Castro accused Pompeo of violating the Hatch Act, an 80-year-old law that limits the political activities of certain federal appointees — and which Pompeo's own department warned its personnel about only weeks ago. Because Pompeo is travelling on official business, the speech comprised a "flagrant violation" of the department's own rules about partisan activity, Castro argued.
State Department and Trump campaign officials have insisted no federal resources were used to produce the pre-recorded video, and that the plan was vetted and cleared by federal lawyers.
Pompeo's speech wasn't the night's only controversy. Hours before show time, so-called "Angel Mom" Mary Ann Mendoza, whose son was killed in a 2014 car accident involving an illegal immigrant, was scratched from the list of speakers after she retweeted a Twitter thread promoting a QAnon-linked conspiracy theory with an anti-Semitic theme.
The opening strains of Tuesday's proceedings did strike a more upbeat tone than Monday's kickoff, which featured a bleak, apocalyptic vision of America under Democratic contender Joe Biden, and revisionist interpretations of Trump's first term in office.
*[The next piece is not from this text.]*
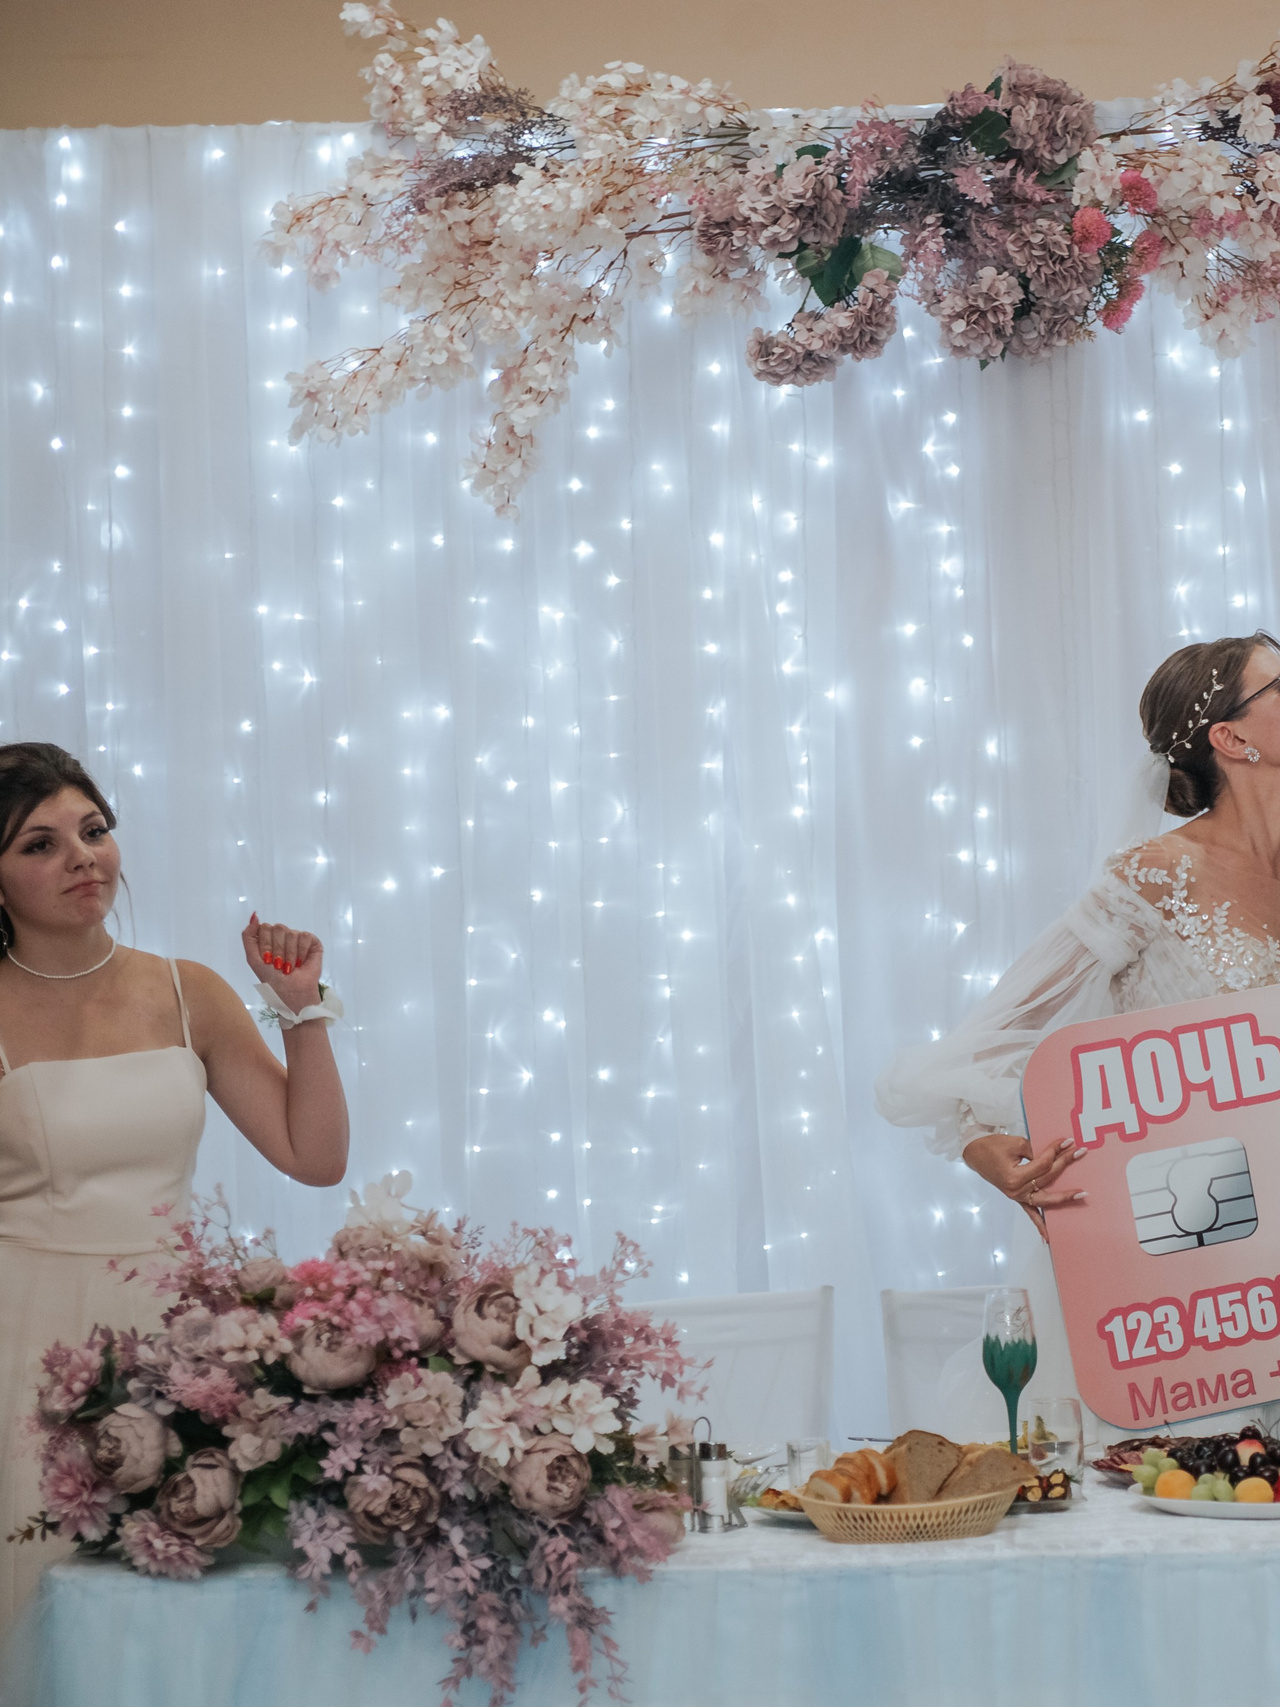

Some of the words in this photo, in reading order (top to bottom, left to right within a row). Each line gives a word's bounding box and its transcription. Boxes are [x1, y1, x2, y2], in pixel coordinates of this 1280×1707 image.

[1103, 1302, 1186, 1364] 123
[1192, 1284, 1279, 1345] 456
[1126, 1367, 1257, 1421] Мама
But economic adviser Larry Kudlow's rosy take on the pandemic stretched credulity to new extremes.
Kudlow used the past tense to suggest the pandemic — which still rages across the U.S., having claimed more than 178,000 American lives — is a thing of the past, vanquished by the Trump administration.
"It was awful — health and economic impacts were tragic, hardship and heartbreak were everywhere," Kudlow said. "But presidential leadership came swiftly and effectively, with an extraordinary rescue for health and safety to successfully fight the COVID virus."
Other speakers included a Maine lobster fisherman, a small-town Minnesota mayor disenchanted with the Democrats, an anti-abortion activist and the former Kentucky high school student who fought the mainstream media and online "cancel culture" after he was maligned for a confrontation with an Indigenous protester during the 2019 March for Life.
"I fought back hard to expose the media for what they did to me, and I won a personal victory," Nicholas Sandmann said.
"I look forward to the day that the media returns to providing balanced, responsible and accountable news coverage. I know President Trump hopes for that too.... no one in this country has been a victim of unfair media coverage more than President Donald Trump."